[Provided material — start]
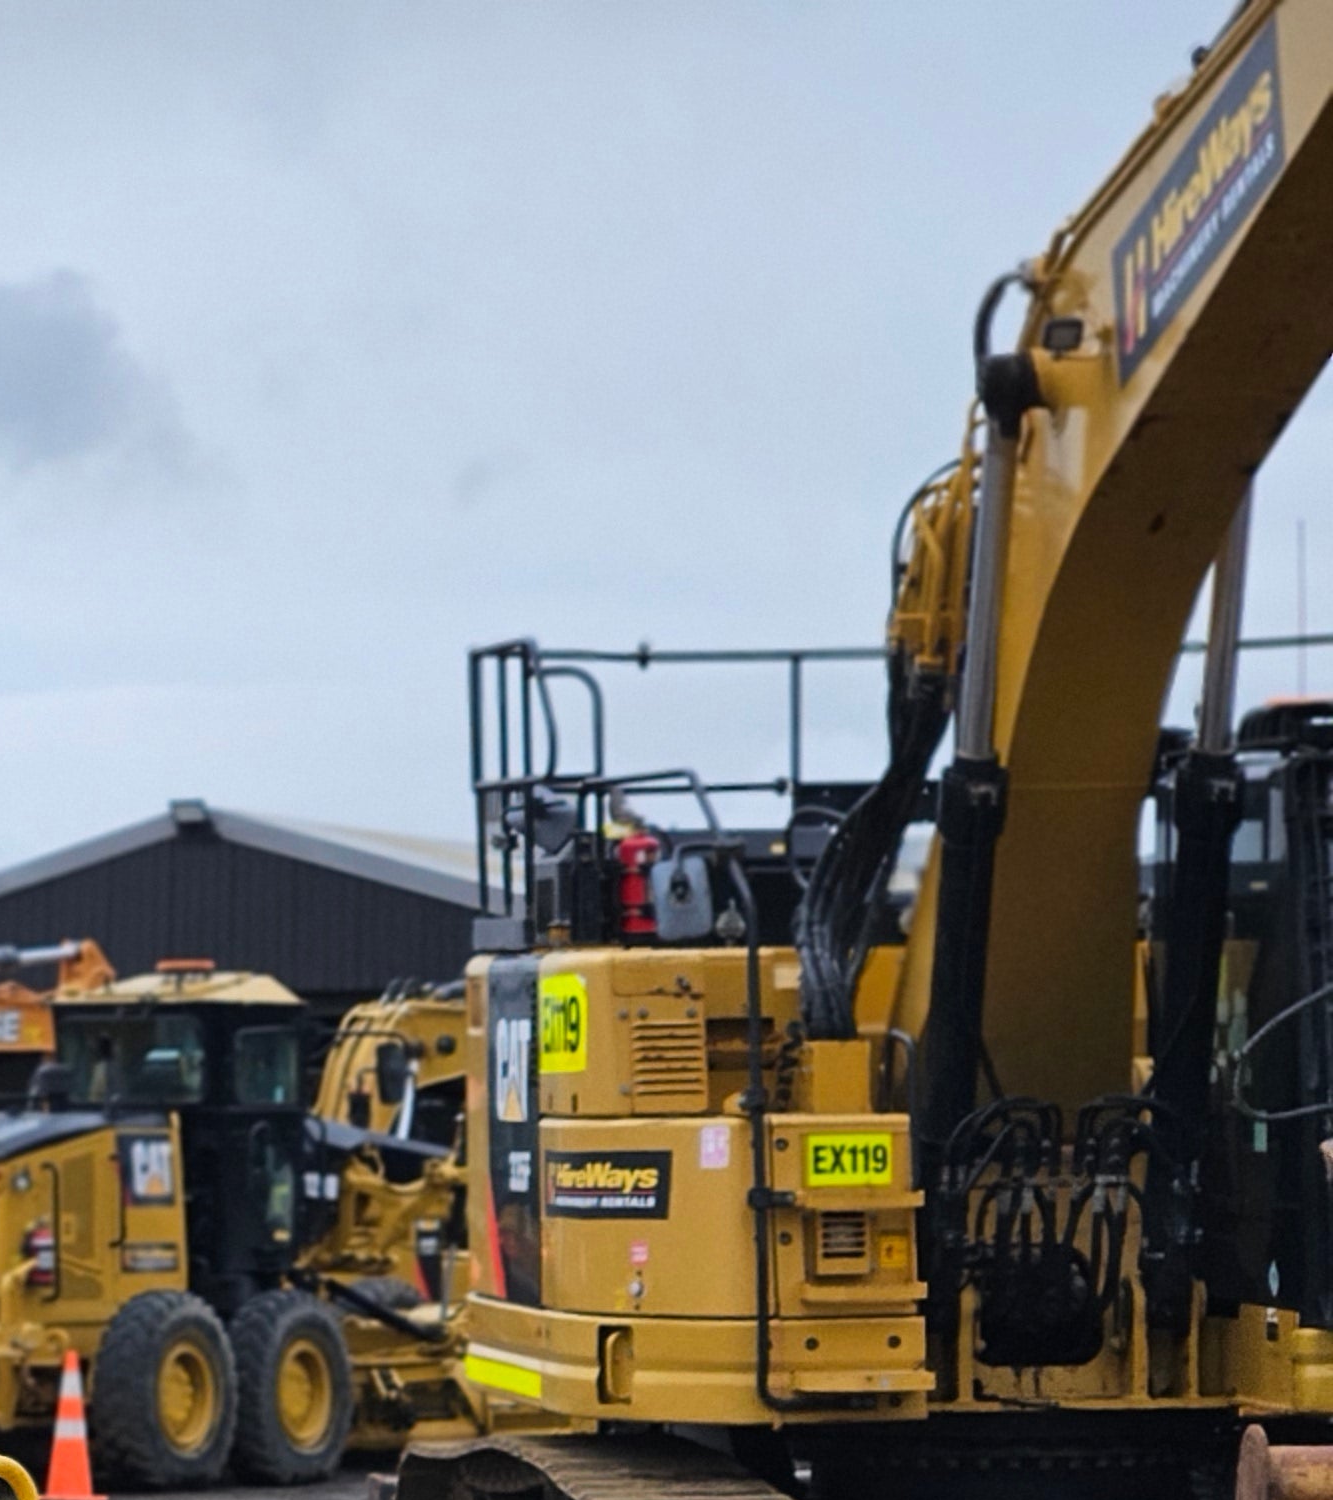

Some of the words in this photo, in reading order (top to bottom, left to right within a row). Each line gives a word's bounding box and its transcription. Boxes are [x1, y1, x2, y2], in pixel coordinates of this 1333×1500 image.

[496, 1018, 532, 1122] CAT
[130, 1140, 173, 1197] CAT
[812, 1144, 889, 1175] EX119
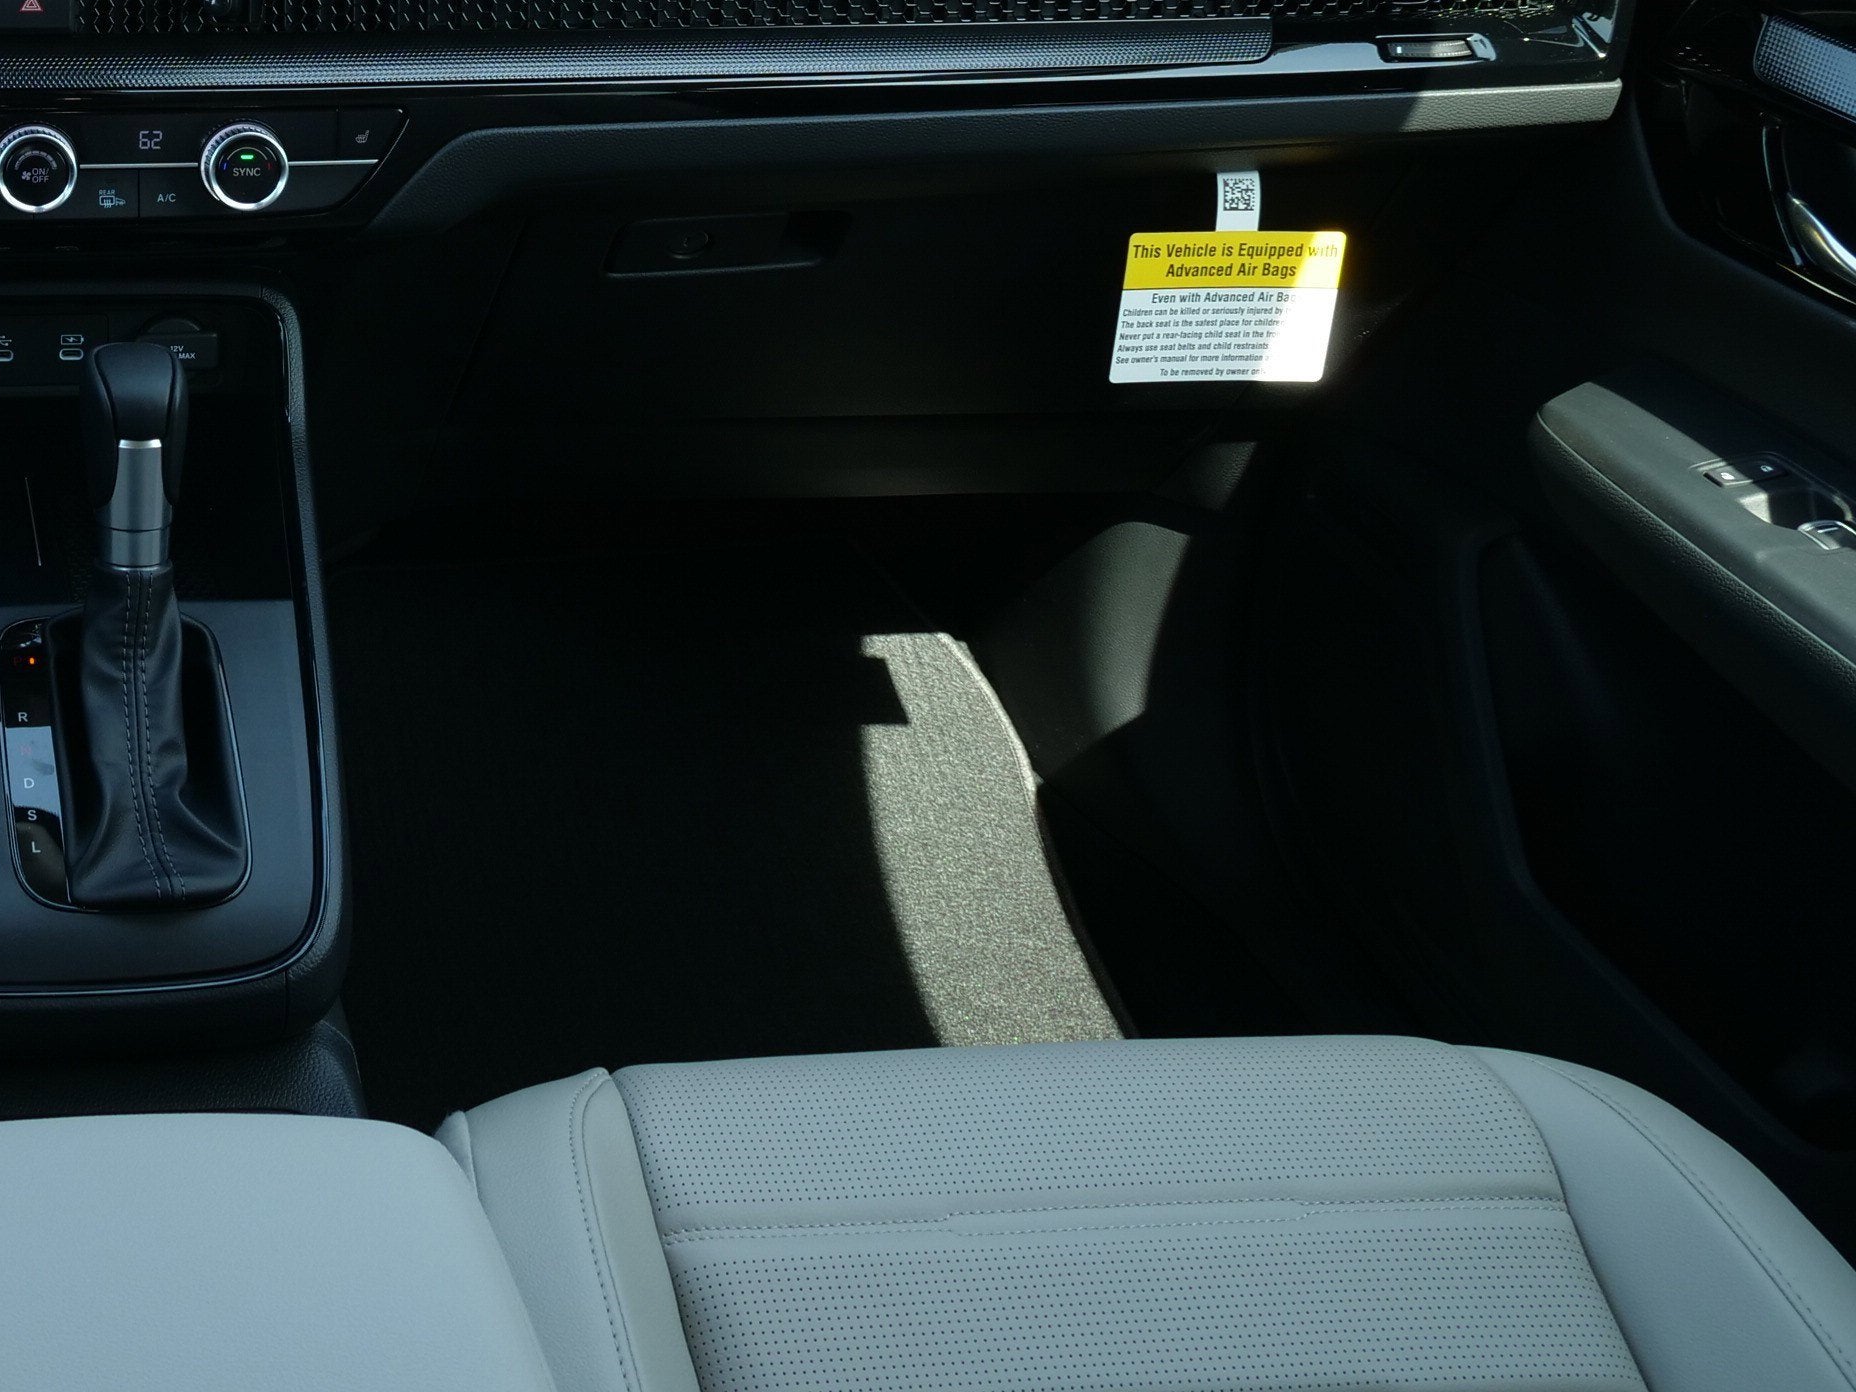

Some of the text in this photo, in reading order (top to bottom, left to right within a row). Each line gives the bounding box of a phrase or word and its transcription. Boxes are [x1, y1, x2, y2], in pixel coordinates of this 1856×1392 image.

[139, 131, 163, 150] 62
[31, 167, 49, 176] ON/
[232, 167, 261, 177] SYNC
[32, 176, 49, 184] OFF
[157, 193, 176, 203] A/C
[1133, 243, 1338, 259] This Vehicle is Equipped with
[1165, 262, 1296, 279] Advanced Air Bags
[1152, 292, 1176, 304] Even
[1179, 292, 1201, 303] with
[1203, 292, 1255, 303] Advanced
[1258, 292, 1273, 302] Air
[1123, 308, 1153, 317] Children
[1169, 308, 1179, 316] be
[1180, 307, 1201, 315] killed
[1211, 307, 1245, 316] seriously
[1246, 306, 1273, 316] injured
[1274, 307, 1284, 316] by
[1121, 320, 1134, 328] The
[1136, 320, 1153, 328] back
[1155, 319, 1171, 328] seat
[1172, 319, 1180, 327] is
[1181, 319, 1193, 327] the
[1195, 318, 1218, 327] safest
[1219, 318, 1240, 328] place
[1242, 318, 1252, 326] for
[1119, 332, 1141, 340] Never
[1142, 332, 1155, 341] put
[1163, 330, 1202, 340] rear-facing
[1204, 330, 1223, 339] child
[1224, 330, 1241, 338] seat
[1243, 330, 1250, 338] in
[1252, 329, 1264, 338] the
[170, 345, 184, 353] 12V
[1117, 344, 1143, 353] Always
[1159, 343, 1176, 351] seat
[1177, 343, 1196, 351] belts
[1197, 342, 1212, 350] and
[1213, 342, 1232, 350] child
[1233, 341, 1269, 350] restraints
[178, 351, 196, 360] MAX
[1115, 353, 1264, 364] See owner's manual for more information
[1160, 368, 1169, 376] To
[1170, 368, 1179, 376] be
[1181, 367, 1214, 376] removed
[1215, 367, 1224, 377] by
[18, 712, 28, 722] R
[24, 777, 35, 789] D
[27, 809, 38, 820] S
[31, 842, 41, 853] L
[Provided material — finish]
Task objective =>
Retype each line of the listing above word for word. Exclude the pictures.

Result of this exercise =>
Some of the words in this photo, in reading order (top to bottom, left to right within a row). Each line gives a word's bounding box and its transcription. Boxes are [x1, y1, x2, y2], in pixel coordinates of this 1333×1500 image.

[496, 1018, 532, 1122] CAT
[130, 1140, 173, 1197] CAT
[812, 1144, 889, 1175] EX119

Some of the text in this photo, in reading order (top to bottom, left to right within a row). Each line gives the bounding box of a phrase or word and its transcription. Boxes are [x1, y1, x2, y2], in pixel coordinates of this 1856×1392 image.

[139, 131, 163, 150] 62
[31, 167, 49, 176] ON/
[232, 167, 261, 177] SYNC
[32, 176, 49, 184] OFF
[157, 193, 176, 203] A/C
[1133, 243, 1338, 259] This Vehicle is Equipped with
[1165, 262, 1296, 279] Advanced Air Bags
[1152, 292, 1176, 304] Even
[1179, 292, 1201, 303] with
[1203, 292, 1255, 303] Advanced
[1258, 292, 1273, 302] Air
[1123, 308, 1153, 317] Children
[1169, 308, 1179, 316] be
[1180, 307, 1201, 315] killed
[1211, 307, 1245, 316] seriously
[1246, 306, 1273, 316] injured
[1274, 307, 1284, 316] by
[1121, 320, 1134, 328] The
[1136, 320, 1153, 328] back
[1155, 319, 1171, 328] seat
[1172, 319, 1180, 327] is
[1181, 319, 1193, 327] the
[1195, 318, 1218, 327] safest
[1219, 318, 1240, 328] place
[1242, 318, 1252, 326] for
[1119, 332, 1141, 340] Never
[1142, 332, 1155, 341] put
[1163, 330, 1202, 340] rear-facing
[1204, 330, 1223, 339] child
[1224, 330, 1241, 338] seat
[1243, 330, 1250, 338] in
[1252, 329, 1264, 338] the
[170, 345, 184, 353] 12V
[1117, 344, 1143, 353] Always
[1159, 343, 1176, 351] seat
[1177, 343, 1196, 351] belts
[1197, 342, 1212, 350] and
[1213, 342, 1232, 350] child
[1233, 341, 1269, 350] restraints
[178, 351, 196, 360] MAX
[1115, 353, 1264, 364] See owner's manual for more information
[1160, 368, 1169, 376] To
[1170, 368, 1179, 376] be
[1181, 367, 1214, 376] removed
[1215, 367, 1224, 377] by
[18, 712, 28, 722] R
[24, 777, 35, 789] D
[27, 809, 38, 820] S
[31, 842, 41, 853] L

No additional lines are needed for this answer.